The title of Jeffrey Beauchamp’s painting exhibition, Freefall, could plausibly be misinterpreted as a commentary on this current atomization of culture, but for this Bay Area painter it represents the condition of art-making, and even, more broadly, living: there are no guarantees (or recipes or formulas); everyone is free-falling from birth toward (spoiler alert!) the ground. (If you don’t believe me, see Dino Buzzati’s story “The Falling Girl” or Max Beckmann’s painting, “The Falling Man.”) Beauchamp’s goal, he says, referring to the Buzz Lightyear character in the Toy Story movies, is “to fall with style.” Contemporary artists who believe that only the new is significant deny themselves both aesthetic pleasure and a broader perspective if they fail to see the great works of the past as imaginative flights that never end—that transport viewers, century after century. Beauchamp is a consummate painter who was cautioned many times in art school, the San Francisco Art Institute, with “the F word,” i.e., facility, a bugaboo of the Abstract Expressionist generation, but who, suitably ‘inoculated’ against art fashion, uses his skill in the service of an eclectic mind, restless imagination, trust in instinct—and playful sense of humor. Beauchamp: “I go with the flow and follow my impulses and assess as I go. I try to bring both sides of my brain into play and get a good balance.”
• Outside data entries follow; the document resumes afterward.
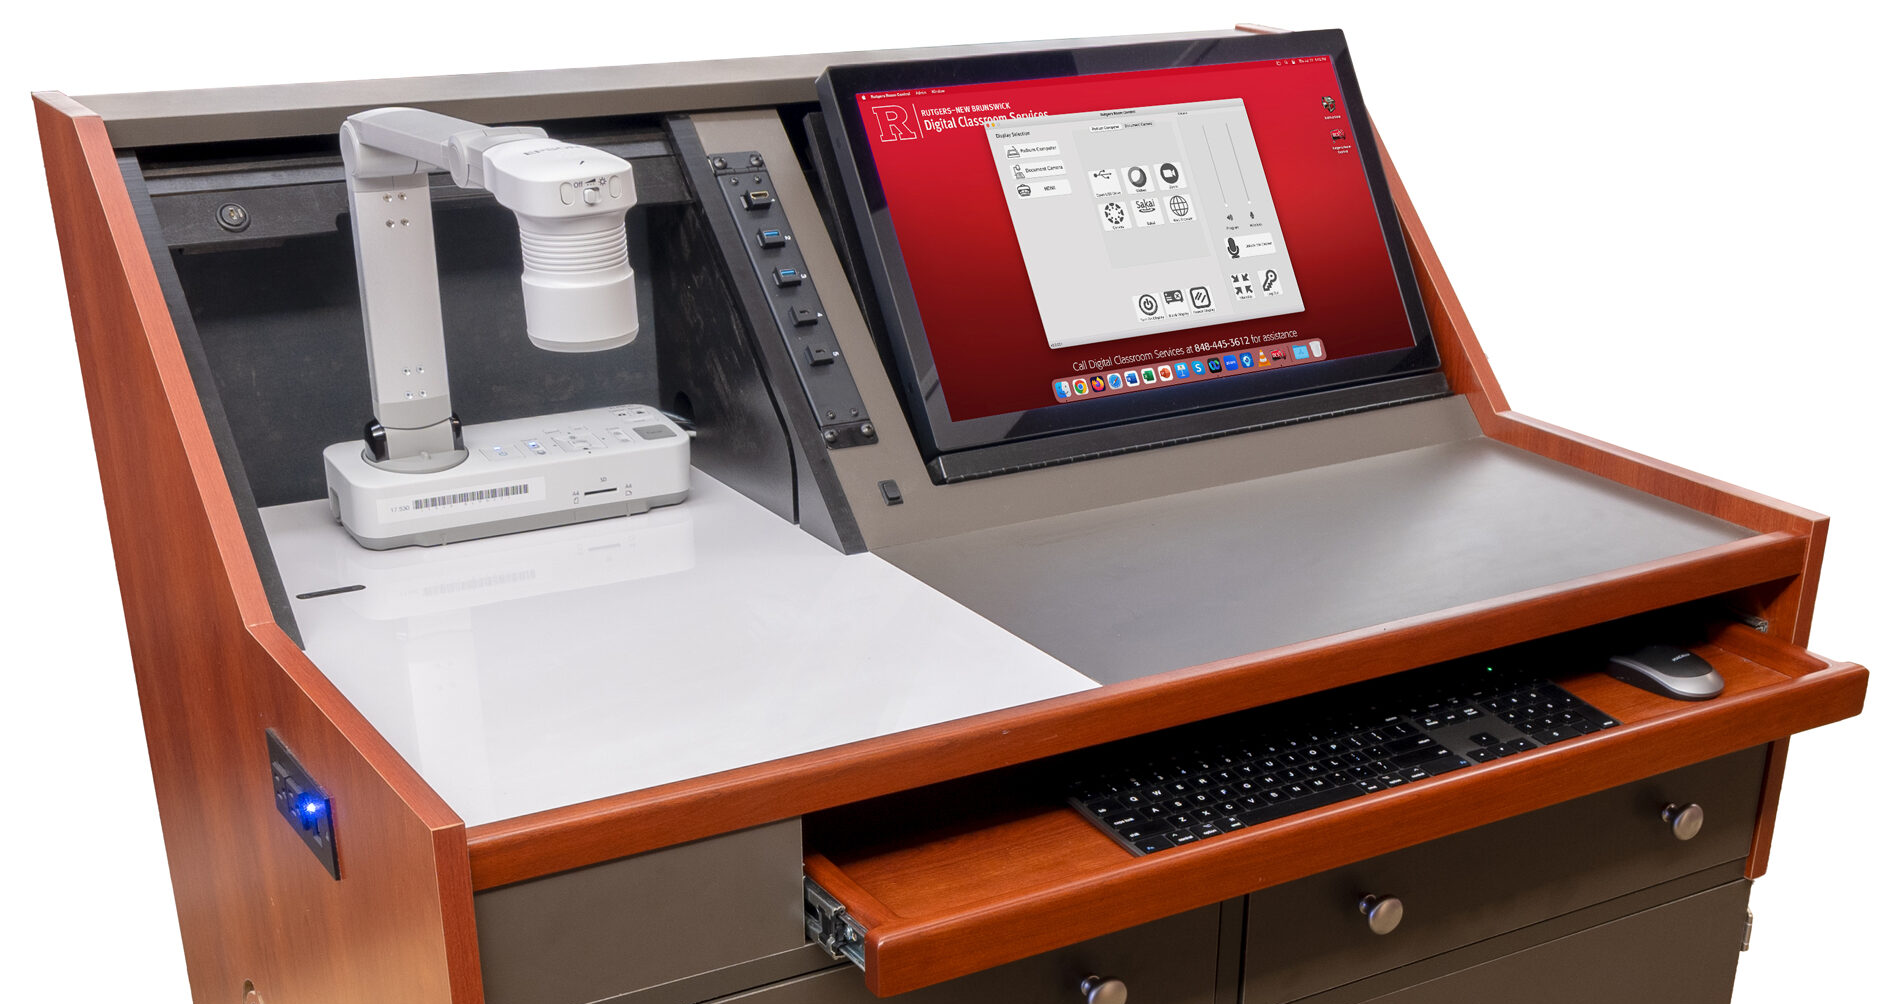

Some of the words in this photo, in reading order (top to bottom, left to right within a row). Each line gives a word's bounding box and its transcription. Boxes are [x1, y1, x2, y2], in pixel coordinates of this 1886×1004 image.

[972, 102, 1011, 112] BRUNSWICK
[872, 104, 917, 142] R
[924, 116, 957, 132] Digital
[1136, 199, 1155, 209] Sakai
[1072, 360, 1088, 372] Call
[1088, 357, 1112, 370] Digital
[1113, 352, 1154, 365] Classroom
[1154, 347, 1184, 359] Services
[1194, 336, 1250, 353] 848-445-3612
[1251, 334, 1261, 343] for
[1262, 330, 1298, 342] assistance
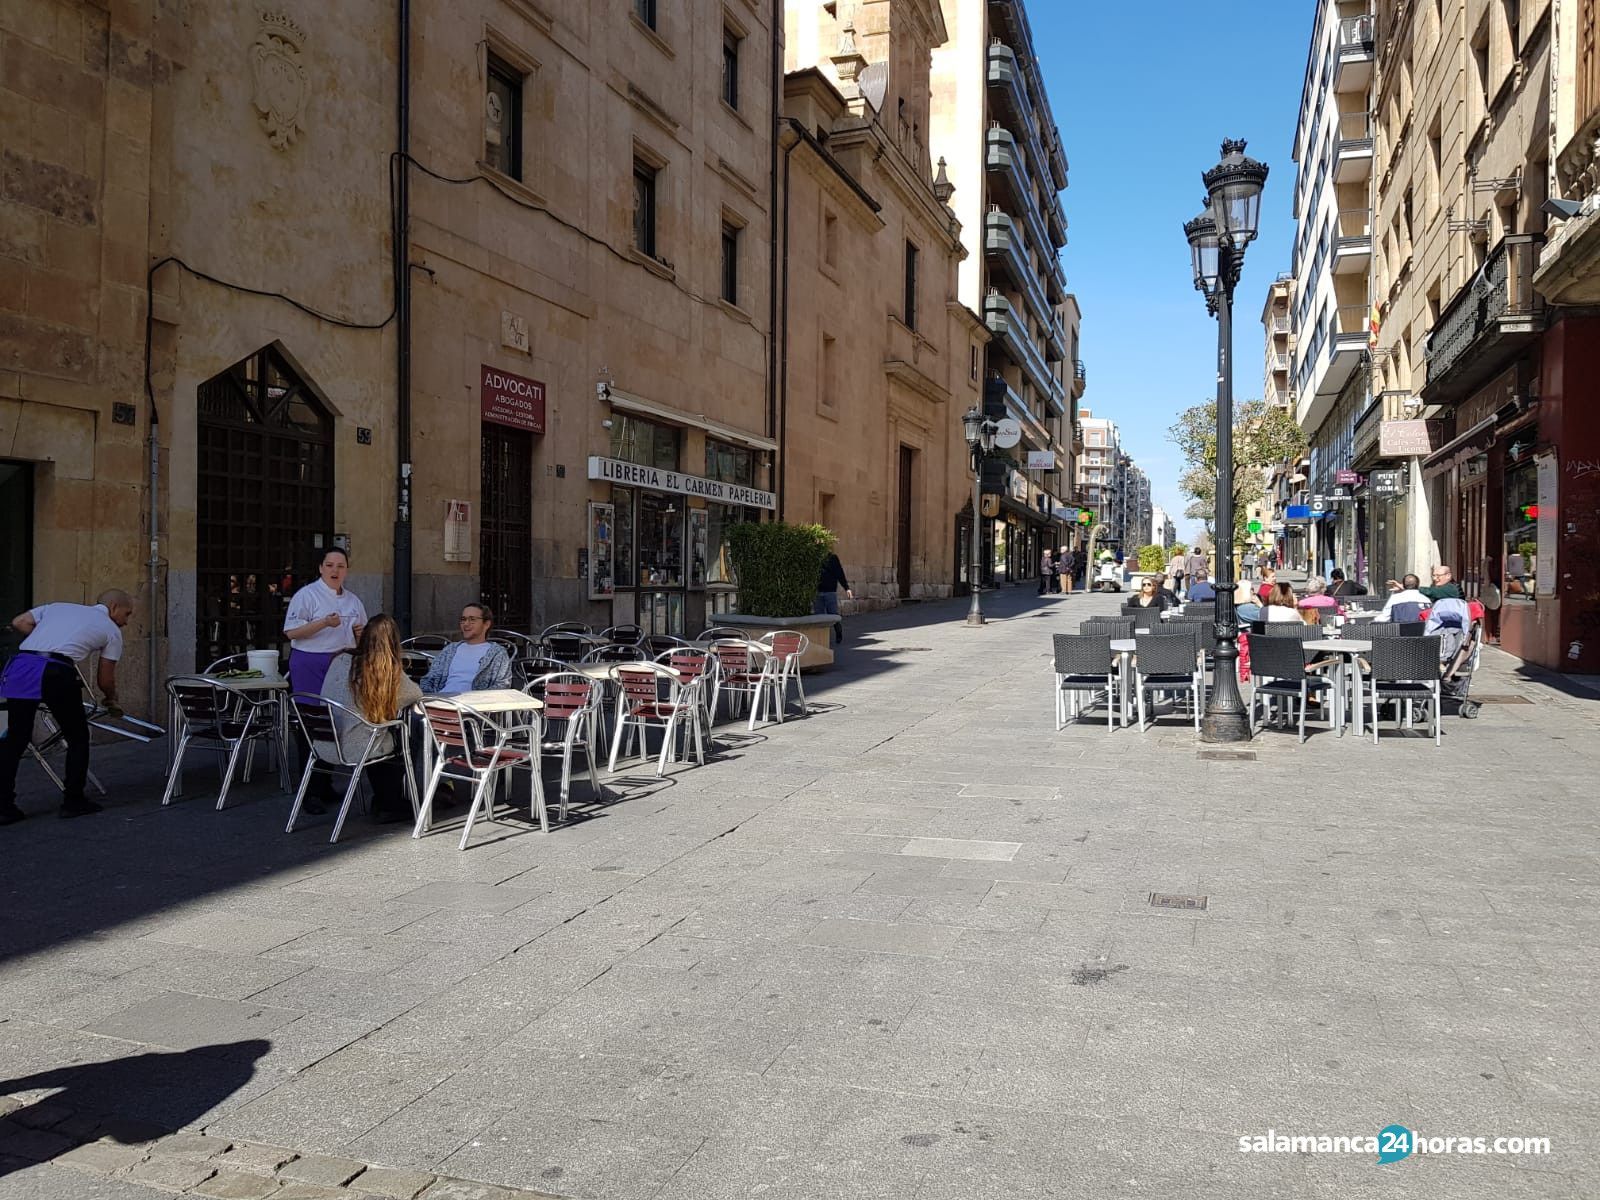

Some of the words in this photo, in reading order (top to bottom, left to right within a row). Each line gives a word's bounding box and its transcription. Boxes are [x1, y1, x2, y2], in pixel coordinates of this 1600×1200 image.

[485, 373, 541, 400] ADVOCATI
[495, 394, 532, 410] ABOGADOS
[603, 461, 660, 487] LIBRERIA
[666, 474, 680, 490] EL
[685, 478, 724, 498] CARMEN
[729, 486, 772, 506] PAPELERIA
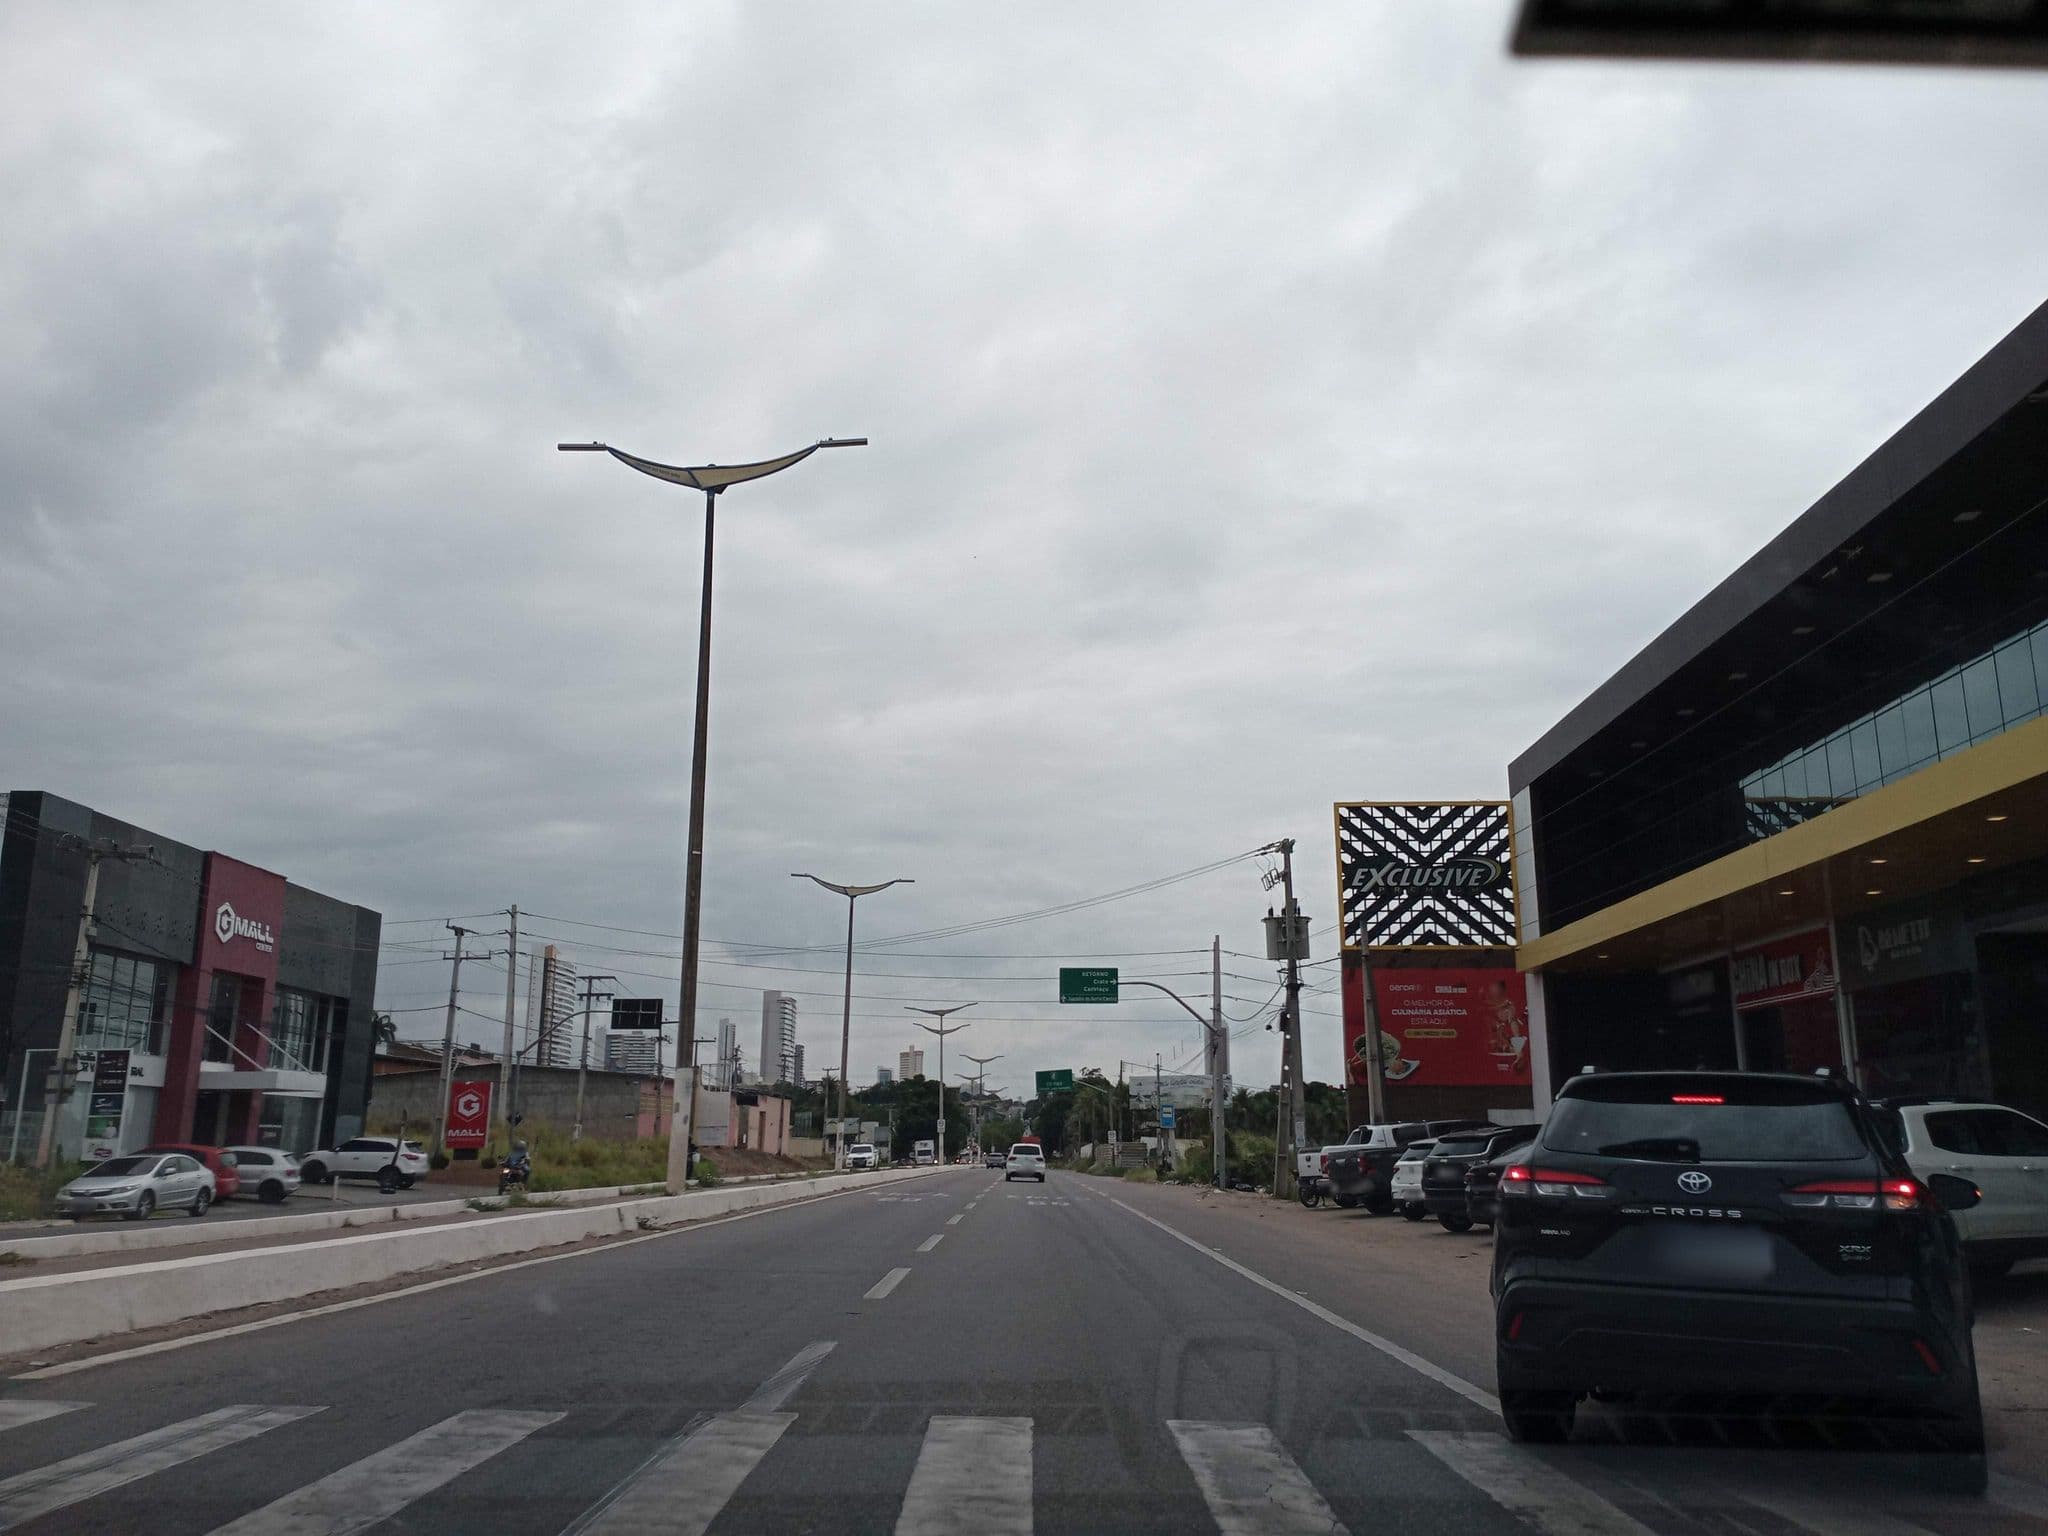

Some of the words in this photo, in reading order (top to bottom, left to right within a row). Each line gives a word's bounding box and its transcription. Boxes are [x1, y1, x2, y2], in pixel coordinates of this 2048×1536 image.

In 2012 I wrote in Art Ltd magazine:
A skilled realist, he [Beauchamp] became dissatisfied some years ago … and loosened up his style with what he has described as "busting out" brushwork and a "caveman dance" process, of making gestures guided by intuition and improvisation, in the abstract expressionist style. His turbulent landscapes all but fly apart through sheer bravura, but somehow remain legible and coherent, due, no doubt, to his apprenticeship in realism in the late 1980s, when nothing could have seemed more demodé. It was a self-guided study, of course. Beauchamp ensconced himself in the school library, studying Turner, Monet and Lorrain, emerging only to explore northern California's "amazing garden," hiking and painting with a friend. His work thus derives from both tradition and nature, and oscillates between realism and abstraction, but in an odd way: the modes are not fused, as in Cézanne or the Bay Area Figurative painters, nor are they confined to separate bodies of work, as in Gerhard Richter (whose soft-focus realism Beauchamp explored for a period). Rather, they are presented simultaneously in parallel, in the same paintings, as double images. As we change focus from depth to flatness and back, the hazy, golden-hued landscapes dissolve into energetic calligraphy, and vice versa, with each aspect canceling and superseding the other, like the complementary but incompatible partners in optical illusions: duck and rabbit or goblet and profile. Despite their humorous, absurd, enigmatic titles (some bearing excruciating puns), Beauchamp's small landscapes … reward serious, sustained looking.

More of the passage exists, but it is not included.